NASSAU, Bahamas (AP) — The player everyone assumed was a lock to join LIV Golf is still a PGA Tour member and might be the only one capable of making sense without making enemies.
Adam Scott speaks without an agenda, and in these acrimonious times, that can make it difficult to discern exactly where he stands. Actions remain louder than words.
But his comments ahead of the Australian Open are worth digesting.
Scott has listened over the last month as the two strongest voices, Tiger Woods and Rory McIlroy, took turns saying golf cannot come together as long as Greg Norman remains the face of LIV Golf.
“No one is going to talk unless there’s an adult in the room that can actually try to mend fences,” McIlroy said in Dubai.
“I think Greg has to go, first of all,” Woods said in the Bahamas.
And then Sergio Garcia weighed in on behalf of LIV in an interview with the Spanish website Marca. “They say Greg Norman should leave. And (PGA Tour Commissioner Jay) Monahan has to stay or go? It’s very easy to say the other side has to go. And those on your side?”
Golf, but louder? Quiet, please.
Negotiations don’t start with one party getting to decide who speaks for the other. Most curious to Scott was the idea of any peace talks. LIV Golf has spent $2 billion to lure big names and start a rival league and the PGA Tour doubled down by suspending players who left. LIV Golf sued and the PGA Tour countersued.
What’s there to talk about outside of depositions?
“I don’t know what this coming together is,” Scott said last week in Melbourne. “I don’t know, is someone making that up? Is that a possibility? I don’t know. I really am not involved at that level at all, and it seems like all speculation to me.
“I genuinely feel like LIV should get on with what they’re doing and the PGA Tour should get on with what they’re doing and it will all sort out,” he said. “Whether that’s together or not, I have no clue. But I don’t necessarily think that it has to be together or not together for the good of the game. I think the good of the game will prevail, but it’s a big shake-up and we’re not used to that.”
Live and let LIV.
The PGA Tour will start 2023 next month in Hawaii (Scott will be there) and LIV Golf will start in late February in Mexico. Golf fans will attend or they won’t. They’ll watch on television (if LIV Golf has a TV partner by then) or they won’t.

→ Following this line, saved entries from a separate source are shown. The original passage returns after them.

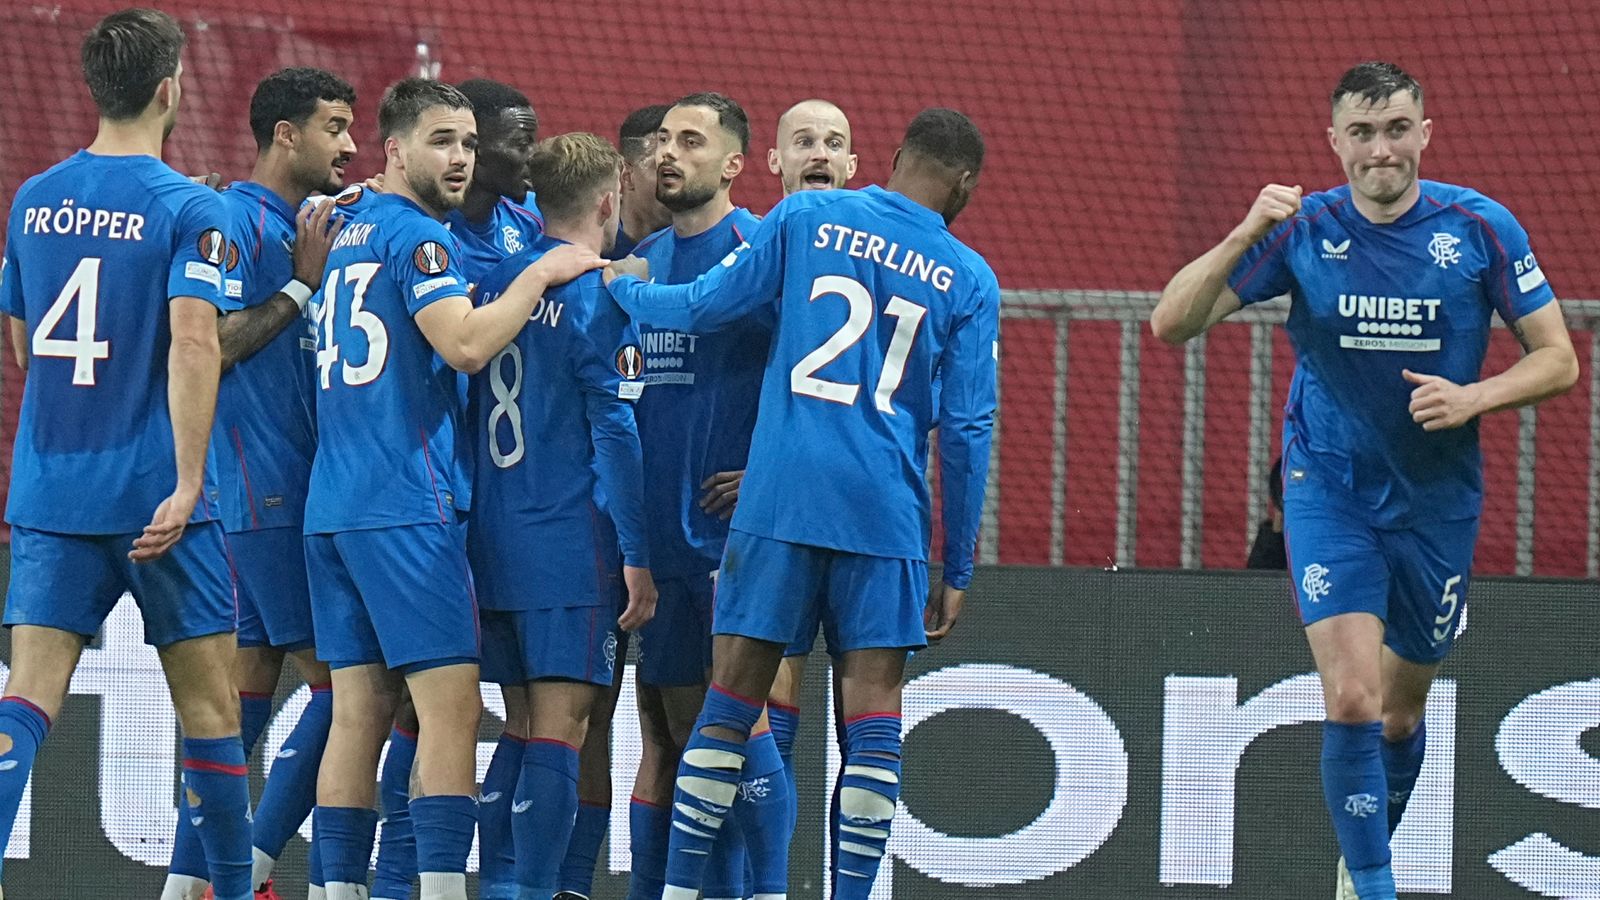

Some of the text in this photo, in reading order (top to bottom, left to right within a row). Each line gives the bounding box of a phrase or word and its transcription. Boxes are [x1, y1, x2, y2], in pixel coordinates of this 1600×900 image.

[24, 199, 145, 241] PRÖPPER
[330, 222, 377, 252] ASKIN
[814, 223, 955, 293] STERLING
[32, 257, 110, 386] 4
[316, 262, 389, 391] 43
[1338, 294, 1441, 321] UNIBET
[790, 274, 928, 415] 21
[1353, 339, 1386, 348] ZERO%
[488, 342, 525, 468] 8
[1435, 574, 1461, 624] 5

Monahan might have said it best during the Honda Classic in February, when LIV was more rumor than reality. “I told the players we’re moving on and anyone on the fence needs to make a decision,” he said.
If only it were that simple.
Birdies and bogeys now share the stage with motions and rulings thanks to lawsuits in which attorneys might end up making more money than Pat Perez.
Most disingenuous of Norman and LIV Golf is wanting the notion of free agency, that the LIV roster should be able to play wherever they want. That starts, of course, with being required to play all 14 events on the LIV schedule next year.
That’s no different from the PGA Tour requiring its members to play a minimum of 15 tournaments, except they get to choose which ones. Such is the real meaning of an independent contractor. Phil Mickelson once skipped the Tour Championship so he wouldn’t miss Halloween with his kids.
But it raises the question of just what LIV Golf players want out of all this.
Elite players who would be eligible for the majors would already have 18 events on their schedule. How many would they want to cherry-pick? It probably wouldn’t be enough to take advantage of the PGA Tour’s top perk — the FedEx Cup — without reaching the minimum number of tournaments to even be a member.
Meanwhile, the back-and-forth continues with no end in sight. A trial date on LIV’s antitrust lawsuit for now is set for January 2024.
Scott has been Switzerland in all this, fitting since that’s where he makes his home.
He seemed like the perfect fit for LIV. A former Masters champion, Scott is 42. He has preferred a limited schedule since he was 32. More money, less travel. What’s not to like?
“Depending what your goals are in golf, I think the schedule is very appealing,” he said in February. “From that side of things, I would consider doing that, for sure. From a lifestyle side of things, yes.”
So why hasn’t he left?
“Because it suits me best to be on the PGA Tour. It’s as simple as that,” he said in September at the Presidents Cup. “The one thing I think I haven’t grasped is giving up my entire professional life of trying to achieve these things here and just leaving it behind.”
So he presses ahead, mostly keeping out of the conversation, more curious about how this will shake out. He’ll spend two weeks in Hawaii. Nothing will have changed.